Kaakum Karangal () is a 1965 Indian Tamil-language drama film, directed by A. C. Tirulokchandar. Inspired by British writer W. Somerset Maugham's 1925 novel The Painted Veil, it was produced by Murugan Brothers, a subsidiary of AVM Productions. The film stars S. S. Rajendran and C. R. Vijayakumari, with Nagesh, L. Vijayalakshmi, S. V. Subbaiah, Sivakumar (in his acting debut) and Revathi playing supporting roles. It was released on 19 June 1965, and failed at the box office.

Plot 

Shankar's father dies due to lack of medical assistance. His mother, with great difficulty, educates him to be a surgeon. One day, his visit to treat Mahalakshmi develops love for each other. Subbaiah, a rich man and father of Mahalakshmi, objects to this, but finally agrees, saying that she must leave his house. After some time, Mahalakshmi begets a child, but the child dies in a fire accident. This causes a misunderstanding between Shankar and Mahalakshmi. Shankar feels that his hands cannot perform surgery any more.
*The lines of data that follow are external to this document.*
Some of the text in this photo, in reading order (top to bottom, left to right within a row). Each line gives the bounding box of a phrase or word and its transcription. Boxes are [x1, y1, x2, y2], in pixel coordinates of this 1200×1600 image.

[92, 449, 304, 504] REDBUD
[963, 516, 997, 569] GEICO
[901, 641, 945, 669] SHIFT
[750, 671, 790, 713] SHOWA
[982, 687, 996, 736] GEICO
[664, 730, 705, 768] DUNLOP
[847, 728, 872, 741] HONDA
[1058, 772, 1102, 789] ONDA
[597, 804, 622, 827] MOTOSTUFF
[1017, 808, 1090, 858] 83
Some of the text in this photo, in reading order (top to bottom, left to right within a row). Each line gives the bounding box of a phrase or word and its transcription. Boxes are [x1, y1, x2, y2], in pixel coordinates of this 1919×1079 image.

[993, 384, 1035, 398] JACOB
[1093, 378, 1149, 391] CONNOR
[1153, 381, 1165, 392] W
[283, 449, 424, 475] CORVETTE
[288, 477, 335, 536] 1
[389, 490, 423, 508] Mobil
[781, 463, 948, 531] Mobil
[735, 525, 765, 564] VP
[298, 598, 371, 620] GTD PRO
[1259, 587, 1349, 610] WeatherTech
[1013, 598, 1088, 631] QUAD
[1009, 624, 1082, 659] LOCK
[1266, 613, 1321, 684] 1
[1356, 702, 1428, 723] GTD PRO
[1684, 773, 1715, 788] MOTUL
He opts for a service with tribals at Senjipuram. There, he gets affected by viral fever. What happens from there is the rest of the film.

Cast 
 S. S. Rajendran as Dr. Shankar
 C. R. Vijayakumari as Mahalakshmi
 Sivakumar as Surendar
 Manimala
 Nagesh as Somasundaram
 L. Vijayalakshmi as Vijayalakshmi
 S. N. Lakshmi as Shankar's mother
 Revathi as Radha
 S. V. Subbaiah as Ranganathan
 S. V. Ramadas as Ramalingam

Production 
The film marked the acting debut of Sivakumar, then known by his name at birth Palaniswamy. He had already signed a film titled Chithrapournami, but that was shelved. Its directors Krishnan–Panju recommended him to AVM Productions for their film Kaakum Karangal. Tirulokchandar, who was searching for the second lead actor to pair with Vijayakumari, selected Palaniswamy, who was rechristened Sivakumar by AVM founder A. V. Meiyappan. The film was produced by Murugan Brothers, a subsidiary of AVM. Saravanan revealed he had to reduce Sivakumar's portions because the actress who played his love interest him could not do justice to the acting.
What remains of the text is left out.